Supports loading data from Hive, but needs extra settings, see [Hive Support](#Hive-support).
The following table introduces the parameters of `LOAD DATA INFILE`.
| Parameter | Type | Default Value | Note |
| ---------- | ------- | ----------------- | -------------------------------------------------------------------------------------------------------------------------------------------------------------------------------------------------------------------------------------------------------------------------------------------------------------------------------------------------------------------------------------------------------------------------------------------------------------------------------------------------------------------------------------------------------------------------------------------------- |
| delimiter | String | , | It defines the column separator, the default value is `,`. |
| header | Boolean | true | It indicates that whether the table to import has a header. If the value is `true`, the table has a header. |
| null_value | String | null | It defines the string that will be used to replace the `NULL` value when loading data. |
| format | String | csv | It defines the format of the input file.

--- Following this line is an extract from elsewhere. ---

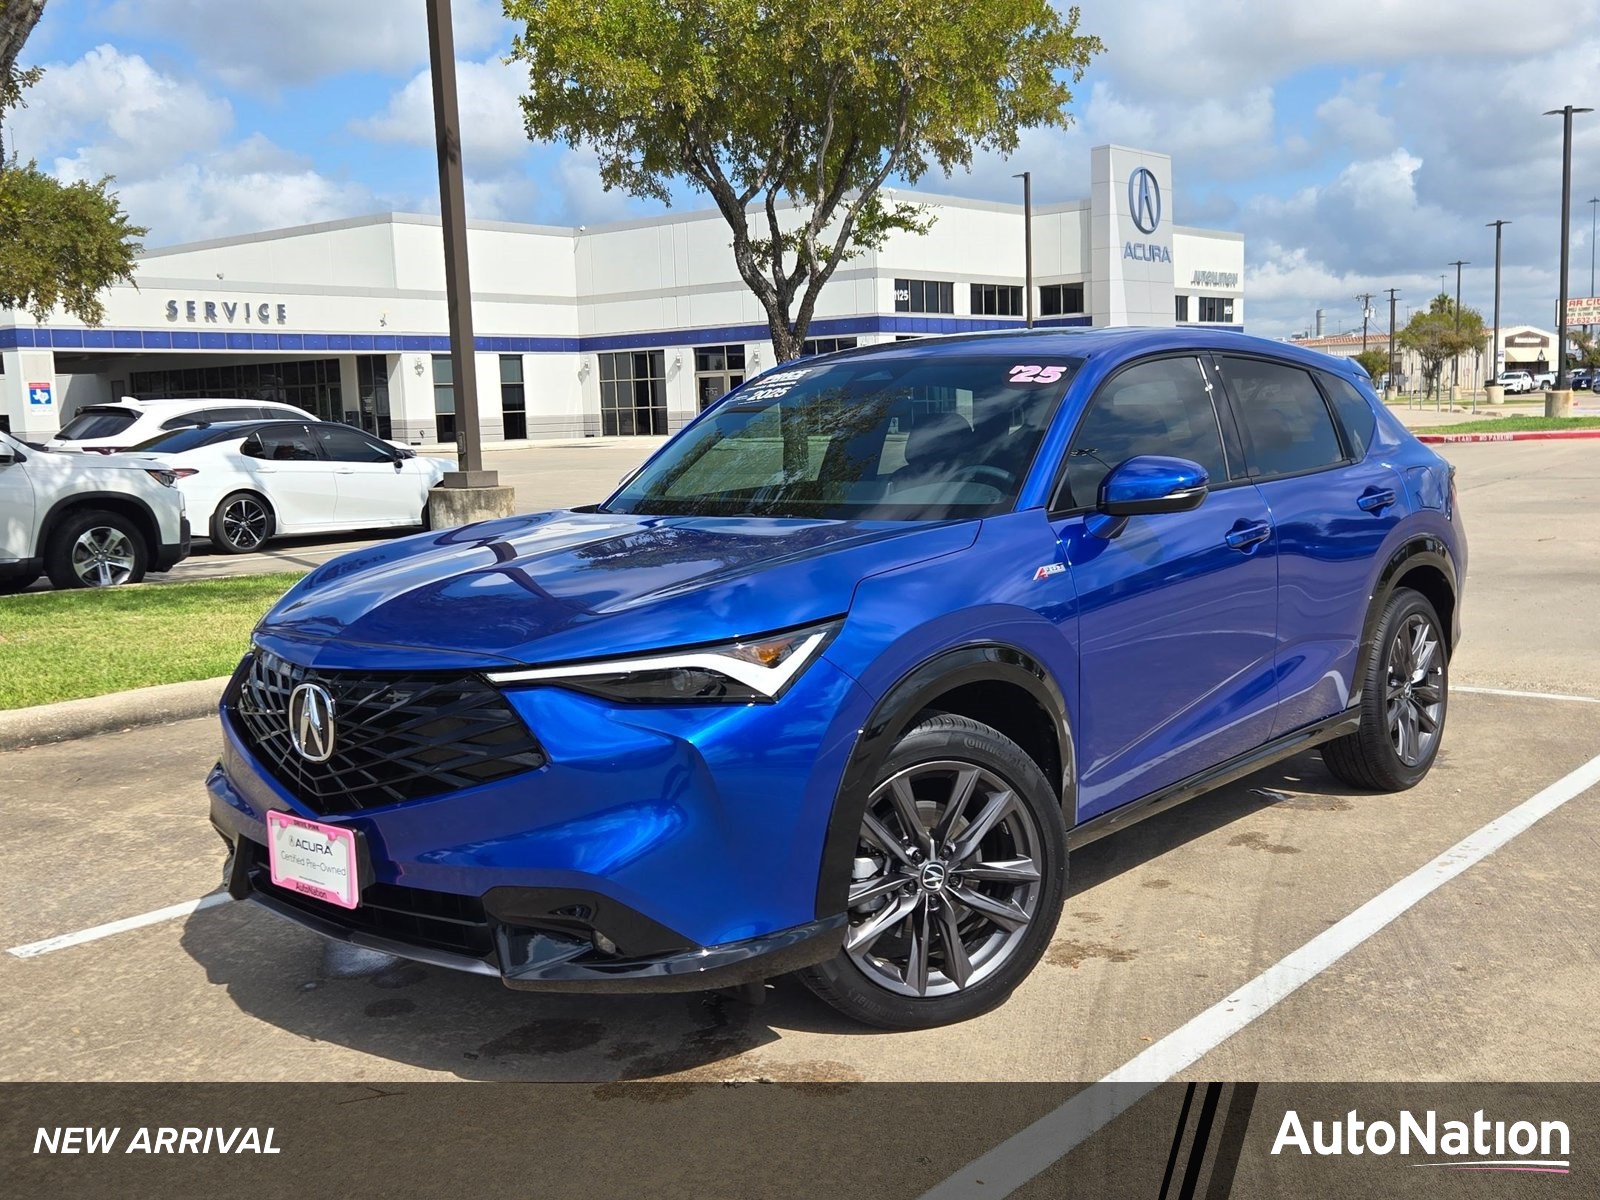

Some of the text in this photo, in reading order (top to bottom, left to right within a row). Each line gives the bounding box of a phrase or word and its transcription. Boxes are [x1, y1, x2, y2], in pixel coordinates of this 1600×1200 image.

`csv` is the default format.
`parquet` format is supported in the cluster version. |
| quote | String | " | It defines the string surrounding the input data. The string length should be <= 1.
load_mode='cluster': default is `"`, the content surrounded by a pair of the quote characters will be parsed as a whole. For example, if the surrounding string is `"#"` then the original data like `1, 1.0, #This is a string, with comma#, normal_string` will be converted to four fields. The first field is an integer 1, the second is a float 1.0, the third field is a string "This is a string, with comma" and the 4th is "normal_string" even it's no quote.
load_mode='local': default is `\0`, which means that the string surrounding the input data is empty. |
| mode | String | "error_if_exists" | It defines the input mode.
`error_if_exists` is the default mode which indicates that an error will be thrown out if the offline table already has data. This input mode is only supported by the offline execution mode.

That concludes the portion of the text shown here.